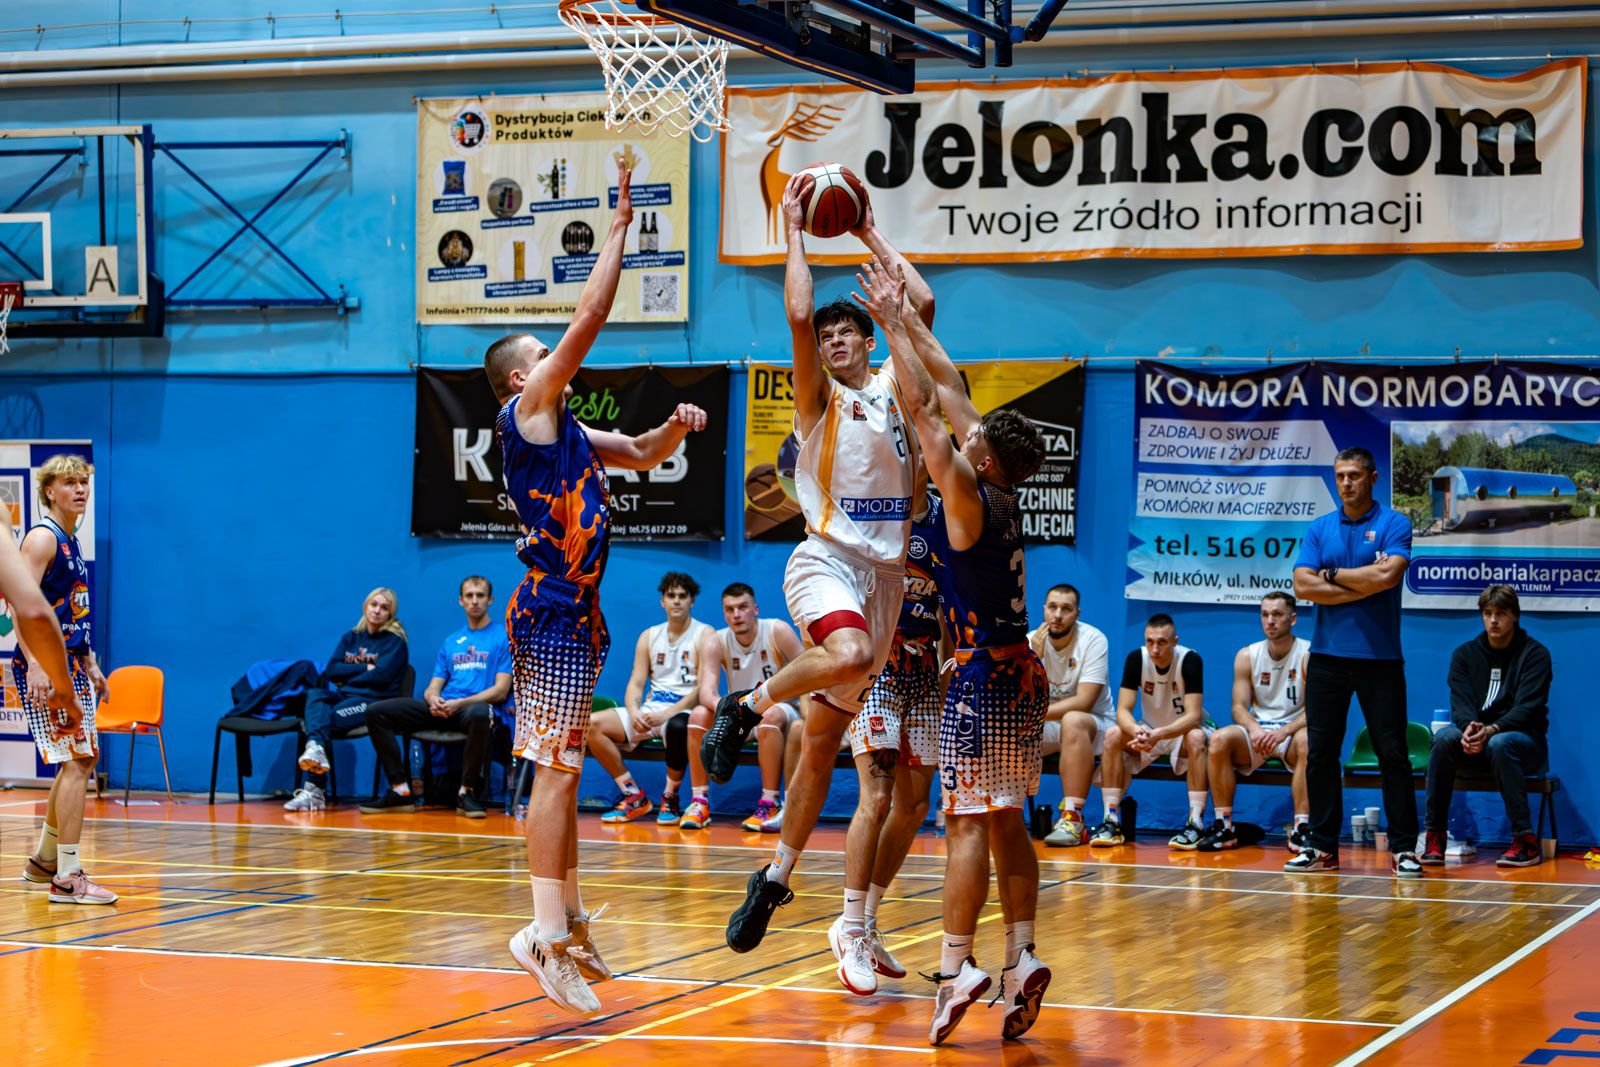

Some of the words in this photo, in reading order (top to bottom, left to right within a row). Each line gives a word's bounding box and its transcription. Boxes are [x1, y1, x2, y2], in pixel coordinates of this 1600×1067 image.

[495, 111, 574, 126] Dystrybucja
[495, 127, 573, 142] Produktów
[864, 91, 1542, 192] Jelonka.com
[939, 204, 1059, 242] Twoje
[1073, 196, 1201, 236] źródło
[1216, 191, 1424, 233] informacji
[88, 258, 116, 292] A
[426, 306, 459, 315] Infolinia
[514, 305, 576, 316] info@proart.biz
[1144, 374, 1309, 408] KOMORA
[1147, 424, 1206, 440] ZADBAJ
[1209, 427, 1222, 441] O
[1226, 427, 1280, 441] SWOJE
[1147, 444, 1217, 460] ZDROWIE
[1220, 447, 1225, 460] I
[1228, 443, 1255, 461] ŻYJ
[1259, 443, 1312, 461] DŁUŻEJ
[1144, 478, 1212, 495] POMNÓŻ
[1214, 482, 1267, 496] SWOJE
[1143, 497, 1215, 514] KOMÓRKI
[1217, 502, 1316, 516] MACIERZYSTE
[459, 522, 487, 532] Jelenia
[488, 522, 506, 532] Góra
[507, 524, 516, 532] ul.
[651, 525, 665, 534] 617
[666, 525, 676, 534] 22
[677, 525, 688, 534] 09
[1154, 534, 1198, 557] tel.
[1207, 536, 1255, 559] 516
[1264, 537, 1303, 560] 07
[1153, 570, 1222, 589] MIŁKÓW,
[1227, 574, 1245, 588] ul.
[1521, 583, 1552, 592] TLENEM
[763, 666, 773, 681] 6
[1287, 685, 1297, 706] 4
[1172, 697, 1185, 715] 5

◆ ◆ ◆ ◆ ◆ ◆ ◆

**What to do**
All the records need to be printed again exactly as written, though without their pictures.

**Written response**
Some of the words in this photo, in reading order (top to bottom, left to right within a row). Each line gives a word's bounding box and its transcription. Boxes are [x1, y1, x2, y2], in pixel coordinates of this 1600×1067 image.

[495, 111, 574, 126] Dystrybucja
[495, 127, 573, 142] Produktów
[864, 91, 1542, 192] Jelonka.com
[939, 204, 1059, 242] Twoje
[1073, 196, 1201, 236] źródło
[1216, 191, 1424, 233] informacji
[88, 258, 116, 292] A
[426, 306, 459, 315] Infolinia
[514, 305, 576, 316] info@proart.biz
[1144, 374, 1309, 408] KOMORA
[1147, 424, 1206, 440] ZADBAJ
[1209, 427, 1222, 441] O
[1226, 427, 1280, 441] SWOJE
[1147, 444, 1217, 460] ZDROWIE
[1220, 447, 1225, 460] I
[1228, 443, 1255, 461] ŻYJ
[1259, 443, 1312, 461] DŁUŻEJ
[1144, 478, 1212, 495] POMNÓŻ
[1214, 482, 1267, 496] SWOJE
[1143, 497, 1215, 514] KOMÓRKI
[1217, 502, 1316, 516] MACIERZYSTE
[459, 522, 487, 532] Jelenia
[488, 522, 506, 532] Góra
[507, 524, 516, 532] ul.
[651, 525, 665, 534] 617
[666, 525, 676, 534] 22
[677, 525, 688, 534] 09
[1154, 534, 1198, 557] tel.
[1207, 536, 1255, 559] 516
[1264, 537, 1303, 560] 07
[1153, 570, 1222, 589] MIŁKÓW,
[1227, 574, 1245, 588] ul.
[1521, 583, 1552, 592] TLENEM
[763, 666, 773, 681] 6
[1287, 685, 1297, 706] 4
[1172, 697, 1185, 715] 5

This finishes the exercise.